Bahraini dissident Moosa Mohamed said on Wednesday that he feared being thrown from the roof of his country's embassy when officials last month threatened him with "execution".

Mohamed climbed the roof of the Bahraini embassy in London in July as part of a protest against the scheduled executions of two fellow Bahraini dissidents.

In a video of the dramatic incident posted on social media, an embassy security guard can be seen assaulting Mohamed as he sat on the edge of the five-story building. 

The shocking footage then shows British police breaking down the door of the embassy to retrieve the activist from inside the Belgravia building.

The activist told The Guardian that he feared he could have become a "second Jamal Khashoggi", referring to the Saudi journalist who was brutally murdered and dismembered in the Saudi consulate in Istanbul last year.

Speaking publicly for the first time, Mohamed said an embassy official had pushed him while he was sitting on the edge of the roof and then hit him with a metre-long plank of wood.

According to the protester, the embassy staffer then told him: "We have two people being executed in Bahrain and you will be the third."

Mohamed scaled the embassy to demand that UK authorities intervene to stop the execution of Ali al-Arab and Ahmad al-Malali, who rights groups say were convicted unfairly.

Calls for the execution to be stalled by Mohamed and other human rights advocates were ultimately unsuccessful.

A 22-year-old Bahraini activist also died while protesting against the executions on the island kingdom. Opposition media said he had died as a result of inhaling tear gas.

"I believed at the time he was trying to push me off the roof without anyone seeing that he had done this, so that it would look like I had fallen down by accident, or I had jumped off the roof," Mohamed said.

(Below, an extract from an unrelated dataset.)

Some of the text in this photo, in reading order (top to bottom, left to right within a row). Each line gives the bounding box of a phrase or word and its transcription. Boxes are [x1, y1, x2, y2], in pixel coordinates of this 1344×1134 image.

He also alleged that another embassy staffer had told him that no one would help him as he was on "Bahraini land".

Once the police officers entered the building, the incident ended.

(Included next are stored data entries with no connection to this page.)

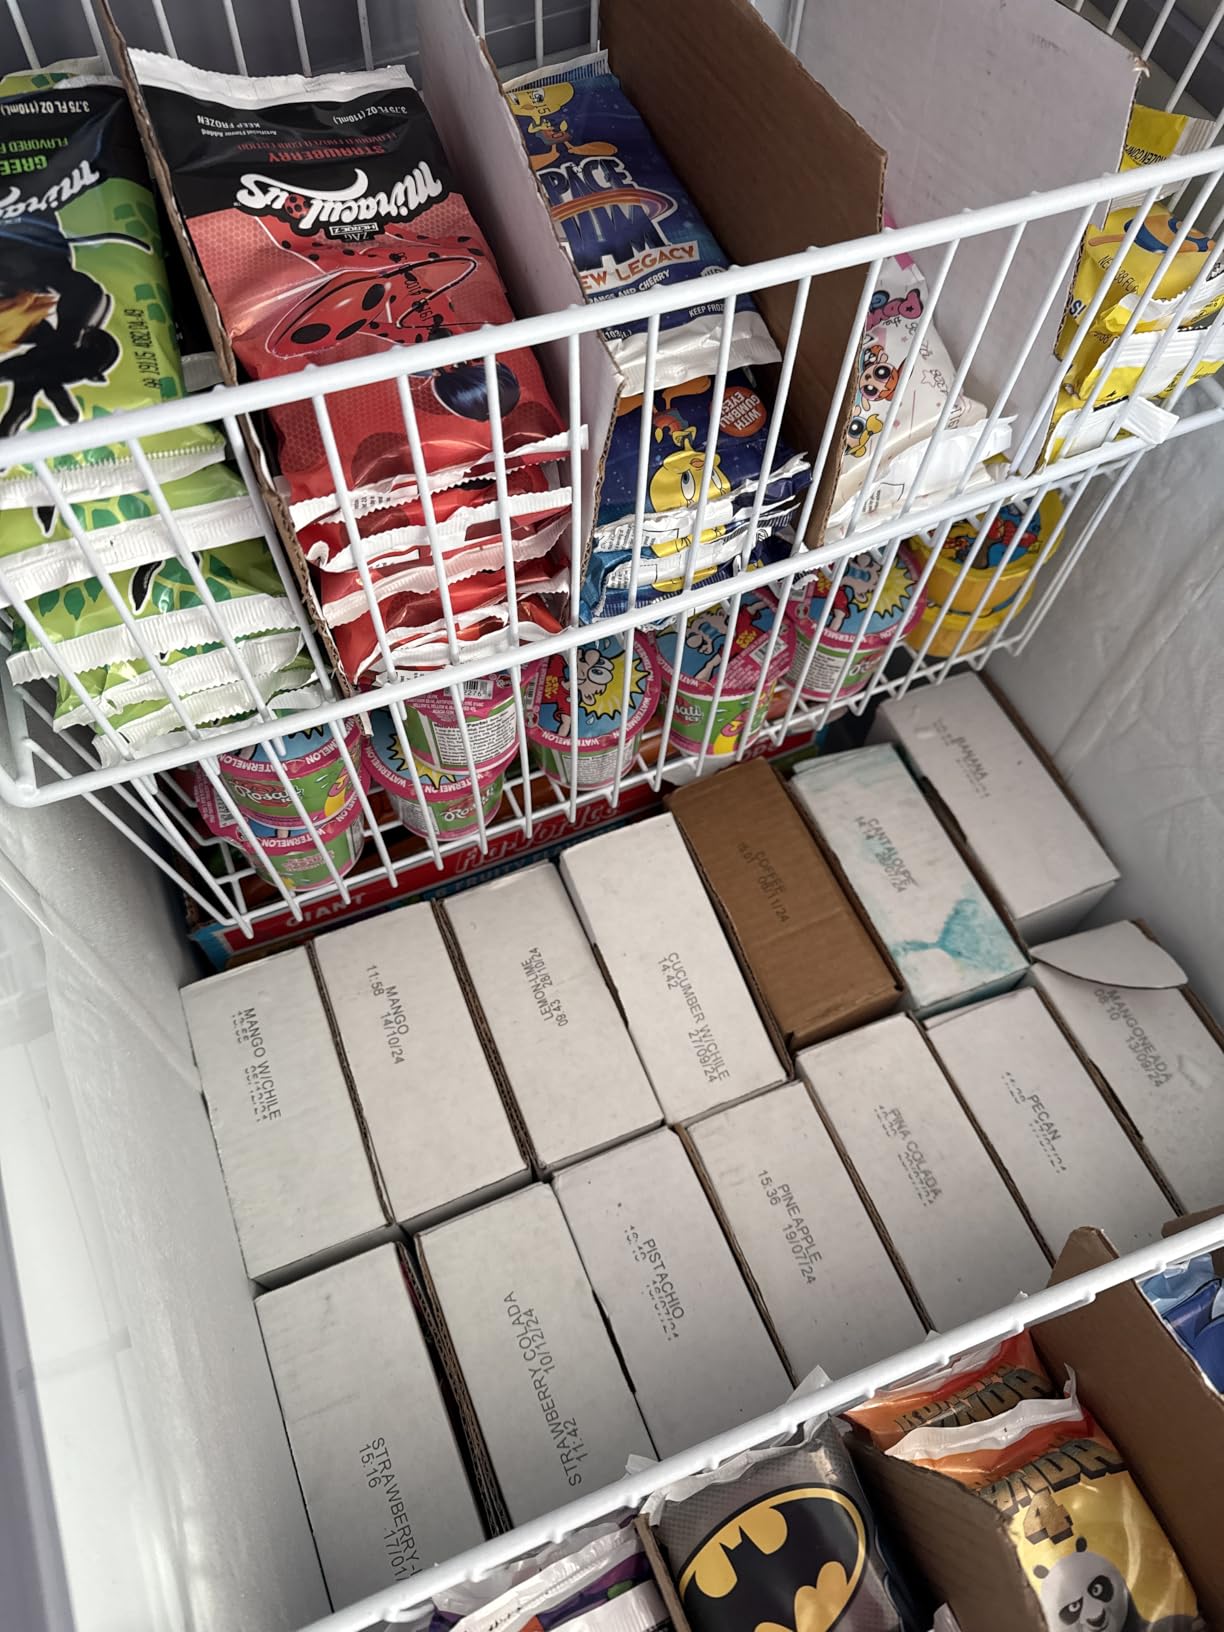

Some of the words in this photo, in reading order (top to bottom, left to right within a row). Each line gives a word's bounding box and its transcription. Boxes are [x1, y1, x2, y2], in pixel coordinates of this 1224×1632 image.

[41, 101, 57, 113] OZ
[58, 101, 69, 113] FL
[69, 100, 91, 114] 3.75
[197, 115, 235, 129] FROZEN
[0, 154, 48, 176] GREE
[9, 137, 69, 152] FLAVORED
[269, 145, 385, 163] STRAWBERRY
[0, 159, 100, 219] Mira
[539, 156, 635, 206] PACE
[578, 271, 608, 291] EW
[615, 245, 695, 282] LEGACY
[638, 269, 671, 292] CHERRY
[688, 305, 707, 318] KEEP
[707, 303, 727, 314] FROZ
[882, 316, 903, 329] the
[734, 409, 762, 430] WITH
[366, 965, 385, 997] 11:58
[520, 958, 554, 1022] LEMON-LIME
[657, 957, 679, 991] 14:42
[667, 952, 706, 1024] CUCUMBER
[384, 985, 410, 1035] MANGO
[688, 1028, 718, 1083] 27/09/24
[699, 1024, 730, 1081] W/CHILE
[1106, 989, 1173, 1084] MANGONEADA
[243, 1007, 267, 1058] MANGO
[257, 1060, 282, 1121] W/CHILE
[1027, 1094, 1062, 1141] PECAN
[906, 1140, 943, 1200] COLADA
[758, 1169, 782, 1206] 15:36
[782, 1223, 817, 1285] 19/07/24
[777, 1183, 823, 1264] PINEAPPLE
[642, 1237, 685, 1320] PISTACHIO
[504, 1291, 537, 1362] COLADA
[522, 1307, 556, 1374] 10/12/24
[528, 1367, 583, 1487] STRAWBERRY
[562, 1417, 590, 1462] 11:42
[976, 1438, 1129, 1517] ANDA
[359, 1443, 382, 1489] 15:16
[383, 1530, 411, 1582] 17/01/

Mohamed was later arrested for aggravated trespass, but was released on bail shortly after the incident.

He is preparing to make a complaint to the London Metropolitan Police with the help of law firms Bindmans and fellow activists, and ask them to investigate the alleged assault.

In a statement on Wednesday, the Bahraini embassy praised its staff for responding to the incident with "professionalism and courage", accusing Mohamed of "unlawfully trespassing".

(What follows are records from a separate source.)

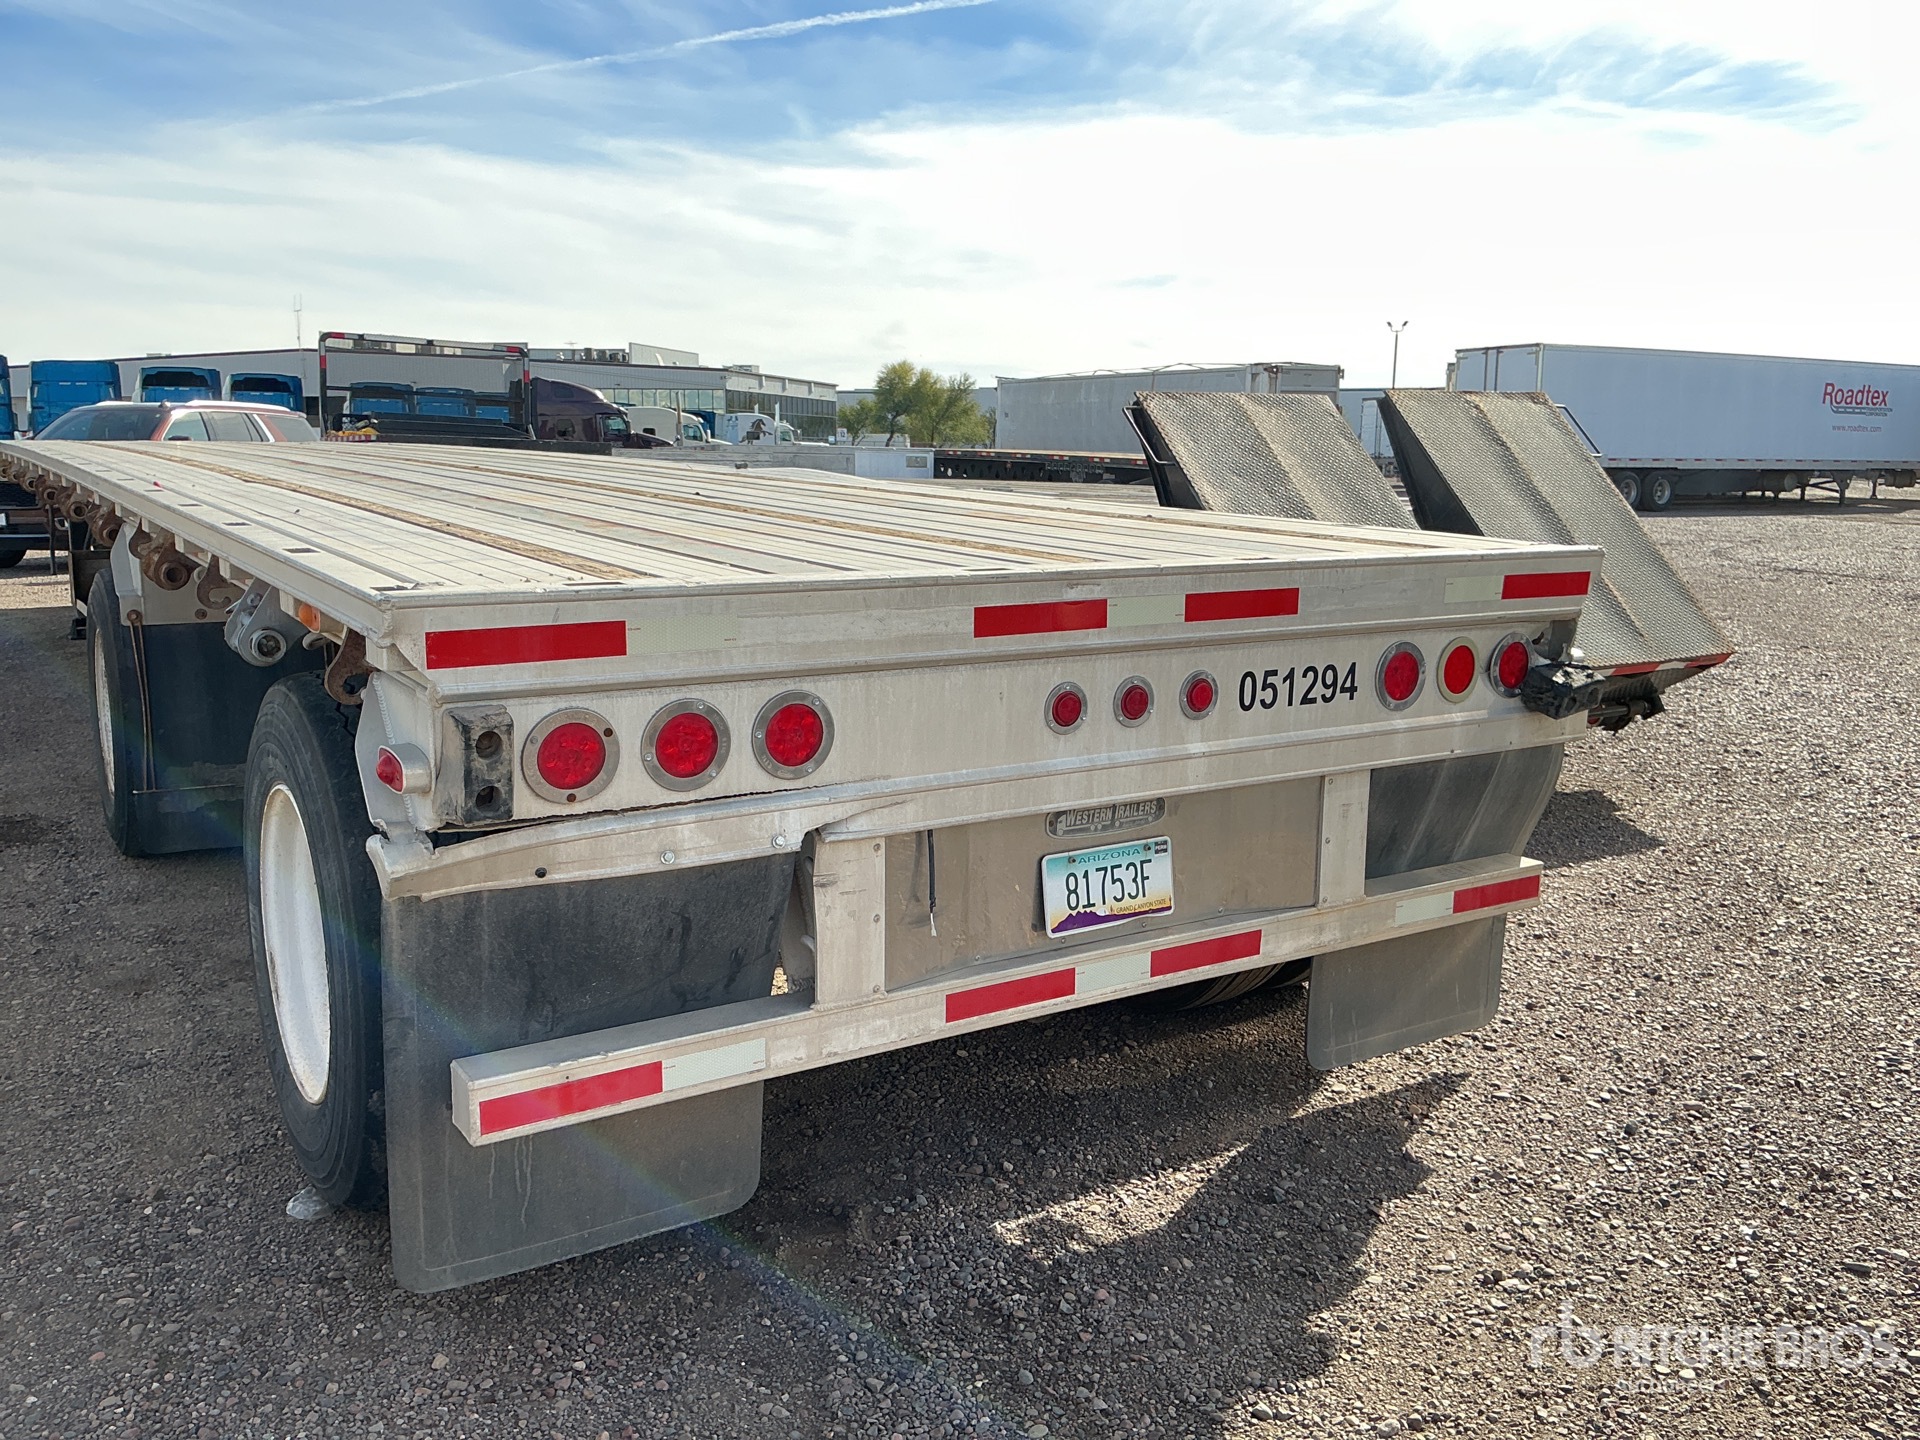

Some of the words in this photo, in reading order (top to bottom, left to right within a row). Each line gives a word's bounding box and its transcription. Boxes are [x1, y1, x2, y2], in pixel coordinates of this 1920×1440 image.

[1822, 382, 1889, 407] Roadtex
[1831, 424, 1882, 433] www.roadtex.com
[1238, 661, 1358, 712] 051294
[1066, 807, 1113, 827] WESTERN
[1115, 801, 1157, 819] TRAILERS
[1078, 848, 1141, 864] ARIZONA
[1065, 858, 1152, 911] 81753F
[1116, 904, 1134, 913] GRAND
[1134, 901, 1153, 911] CANYON
[1154, 898, 1166, 906] STATE

"An objective view of this incident would determine that peaceful and lawful protest does not take place on the roof of a diplomatic premises at 10:30pm," it said.

The embassy refuted allegations that embassy staff were "trying to kill" Mohamed, calling the claims "completely unfounded and ridiculous".

But Mohamed told The Guardian that, in a second phase of the struggle, embassy staff had held him down and attempted to suffocate him with a wet t-shirt.

"I couldn't breathe. I felt like I was being suffocated and I was going to die," he said.

When he managed to wriggle free of their grasp, the two embassy staffers then allegedly tried to tie his hands with a cable.

One of the men then threatened to "tie him and throw him like a sheep down the stairs", Mohamed claimed.

Footage filmed by other activists shows Mohamed limping as he left the embassy. A medical examination in a London clinic to days after the incident documented bruise marks on his forearms and left leg.

Mohamed has also called on Foreign Secretary Dominic Raab to expel Bahrain's ambassador from the UK.

"It is irrelevant whether this happened under his direction or this happened under his leadership. Otherwise Britain will be like a jungle, that people could do whatever they want," he said.

Mohamed left Bahrain and was given asylum in the UK in 2006 after being repeatedly detained and harassed by the Bahraini authorities for his activism.